Category: Books sutras and myths

The Hypnerotomachia Poliphili was written by Francesco Colonna, a Dominican friar, in the 16th century.  The book describes the allegorical journey of the spiritual traveller  - the spiritual path - and in the course of the book just about every symbolic spiritual feature is incorporated into the story. 

Poliphilo, the hero of the story, is attempting a journey to heaven in his dream, in order to find Polia, superficially the lady he loves but at a deeper level the Feminine to his Masculine and the route to his Higher spirit and the Mystic marriage.  It is also an allegorical journey based on the principle - Know Yourself.

He encounters the forest of thorns, the stream of spiritual energy, fountains, tunnels into the heavenly realm, dragons in the tunnel, groves of trees, portals, columns, various symbolic animals, paths, castles, palaces, queens, gods and goddesses.  Anyone wishing to read a story that combines all the symbolic landscape features found in the spiritual realm need look no further – and it is a very enjoyable book. 

As I attempted to list all the symbols incorporated by Francesco in each of his woodcuts and his text, it occurred to me that he has the honour of being the first Surrealist.  The Surrealist painters took groups of symbols and created surreal pictures out of them.  Francesco took a whole host of symbols and created both a word picture and a woodcut from them.  At times, the text bristles with so many symbols it is almost impossible to list them all.  I couldn't help but try to imagine this jolly friar with his obvious sense of fun and his very sure grasp of the symbols he was using.  Many of the symbols have both a simple and a sexual meaning and he must have known this - a very jolly friar.

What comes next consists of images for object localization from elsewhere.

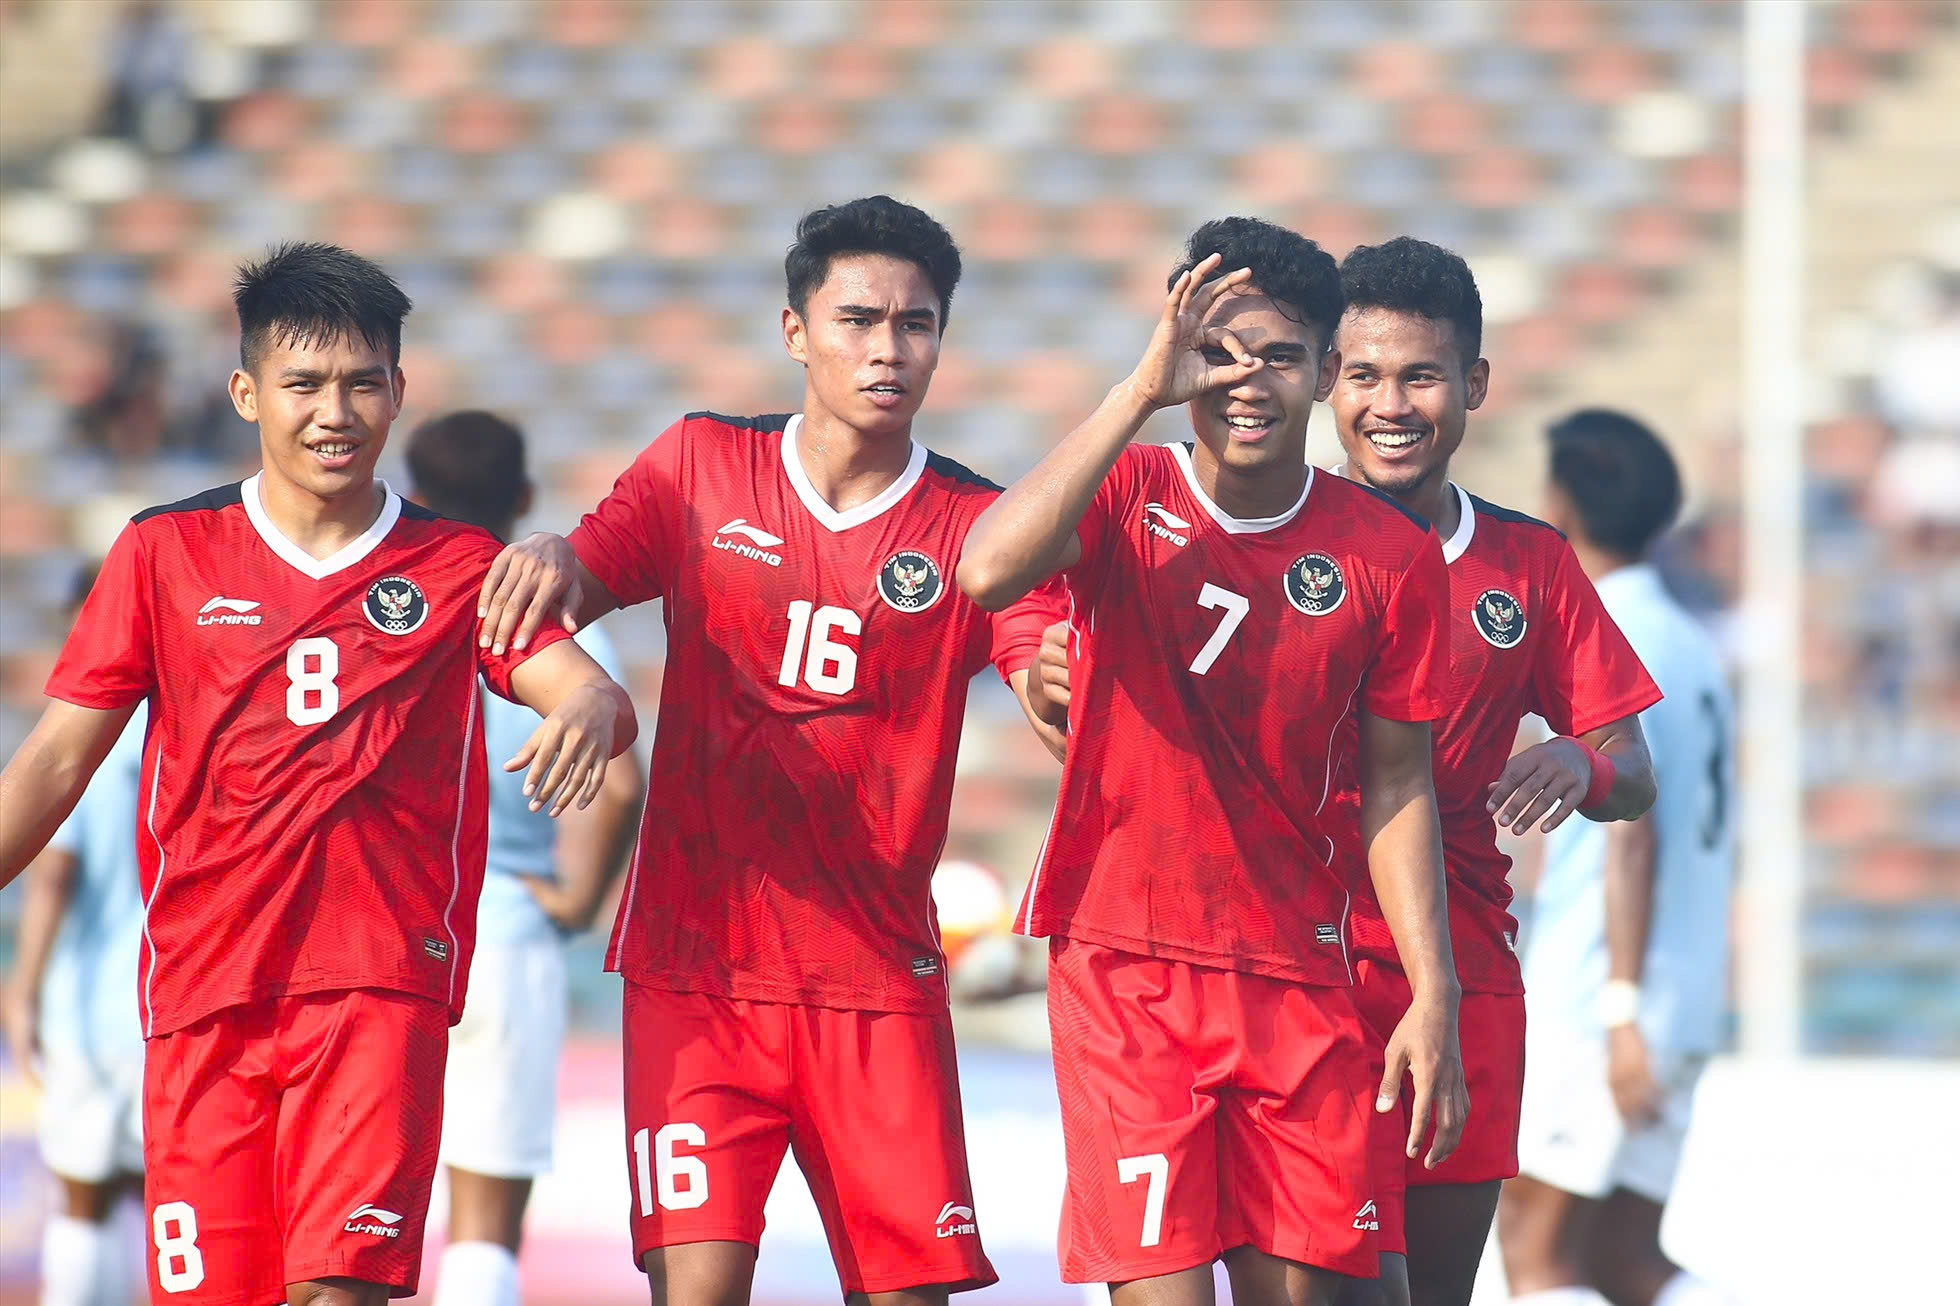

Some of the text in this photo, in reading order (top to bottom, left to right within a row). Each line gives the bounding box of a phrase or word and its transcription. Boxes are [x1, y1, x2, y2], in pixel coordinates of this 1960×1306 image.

[712, 535, 783, 567] LI-NING
[884, 551, 938, 576] TIM INDONESIA
[1292, 554, 1342, 582] TIM INDONESIA
[368, 577, 422, 598] TIM INDONESIA
[197, 614, 262, 626] LI-NING
[778, 600, 862, 695] 16
[1189, 582, 1250, 675] 7
[286, 637, 339, 727] 8
[633, 1122, 709, 1217] 16
[1116, 1153, 1169, 1247] 7
[152, 1201, 205, 1293] 8
[344, 1222, 400, 1238] LI-NING
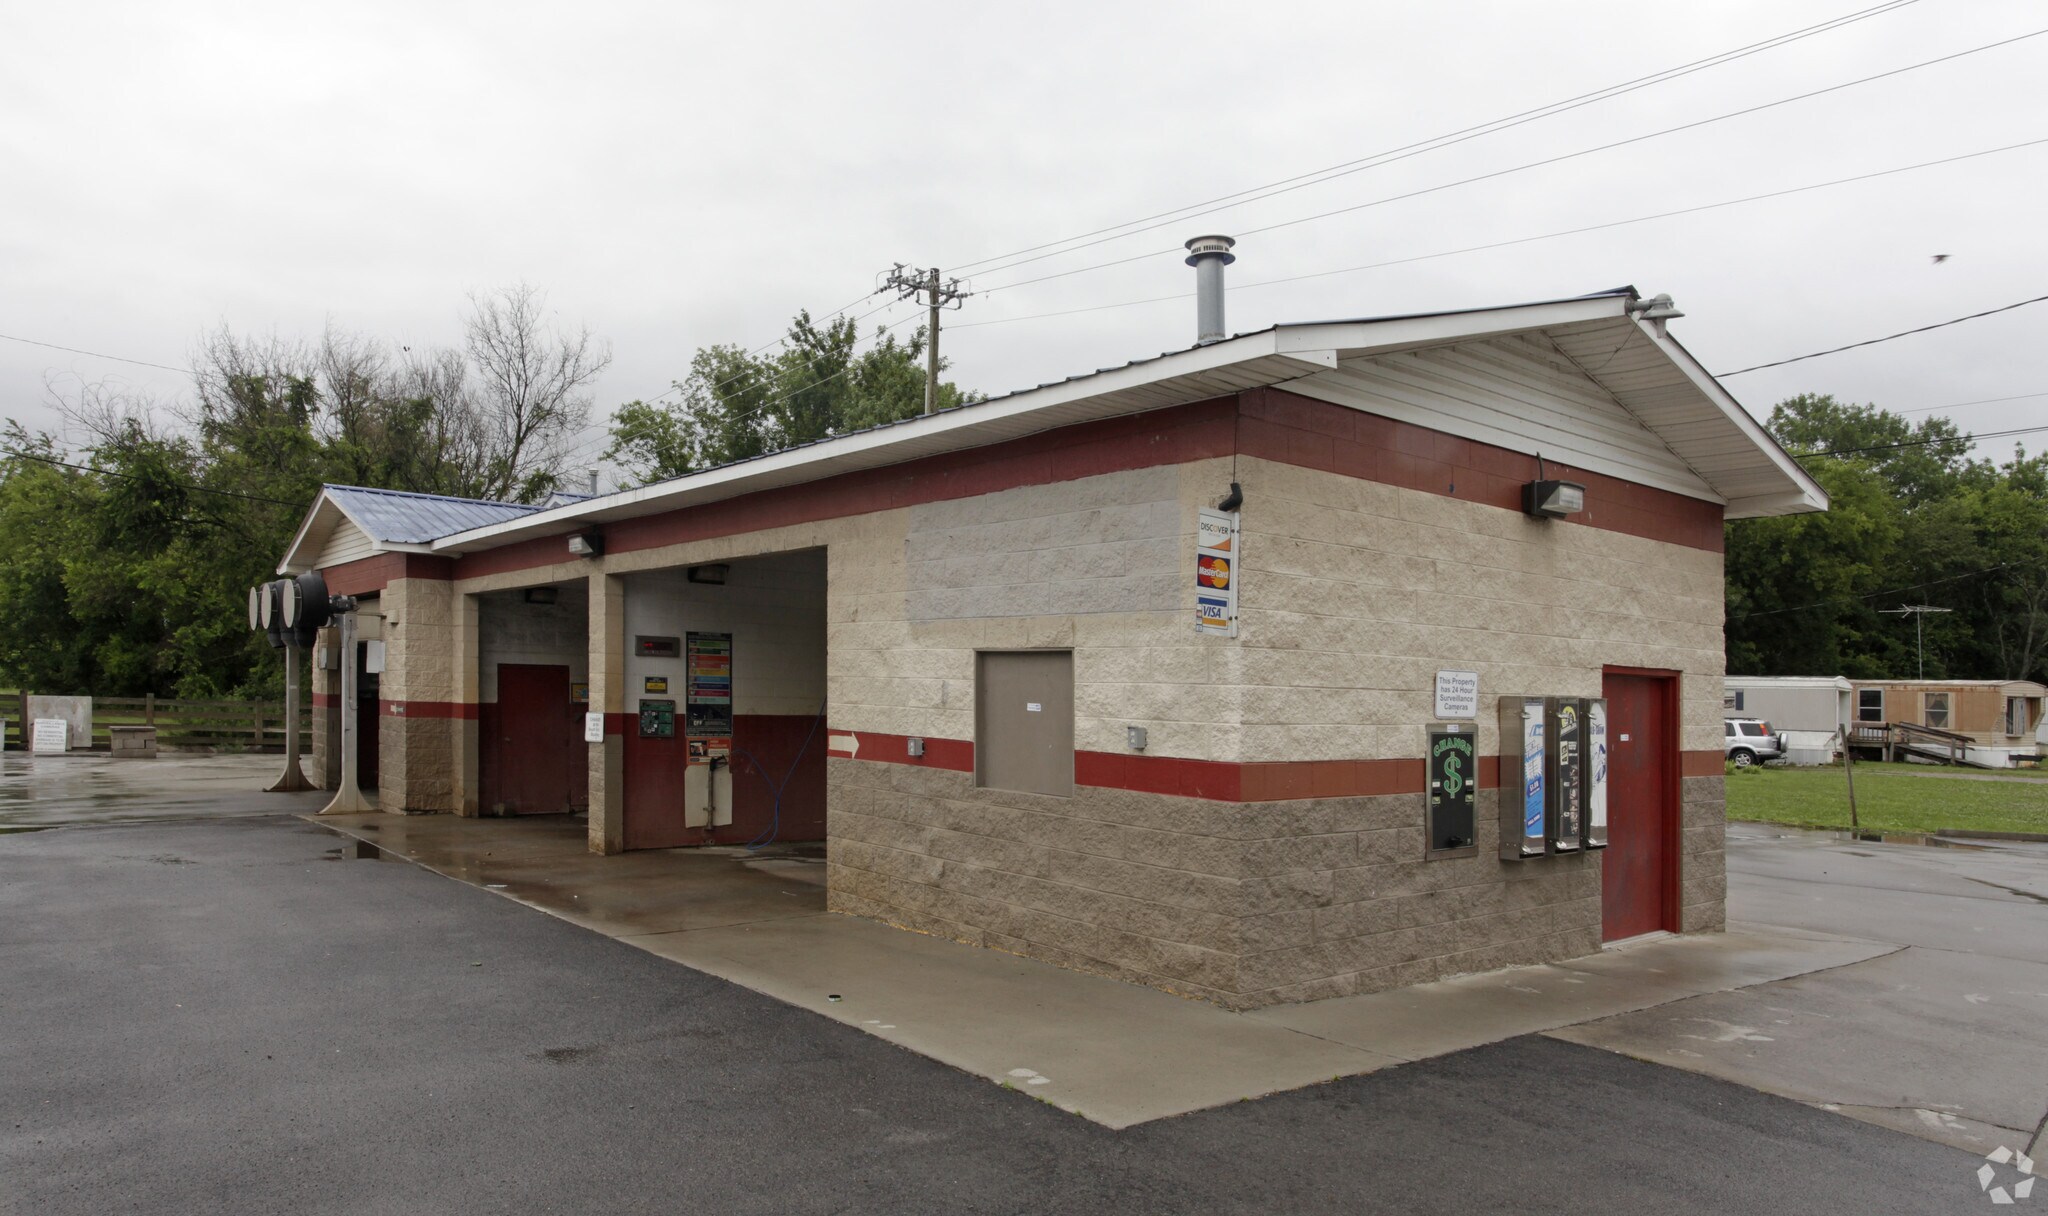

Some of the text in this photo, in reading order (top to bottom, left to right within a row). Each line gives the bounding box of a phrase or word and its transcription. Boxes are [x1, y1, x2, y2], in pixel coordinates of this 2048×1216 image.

Poliphilo is driven by love, love is essentially the reason for living and this permeates the whole book.  And it is probably what motivated and drove our jolly friar too, though this would be pure speculation on my part.

References

I have used the excellent translation by Joscelyn Godwin for the observations.  The woodcuts in the observations are from the book and are now freely available on the Internet from a number of sources including the publisher of Joscelyn's book.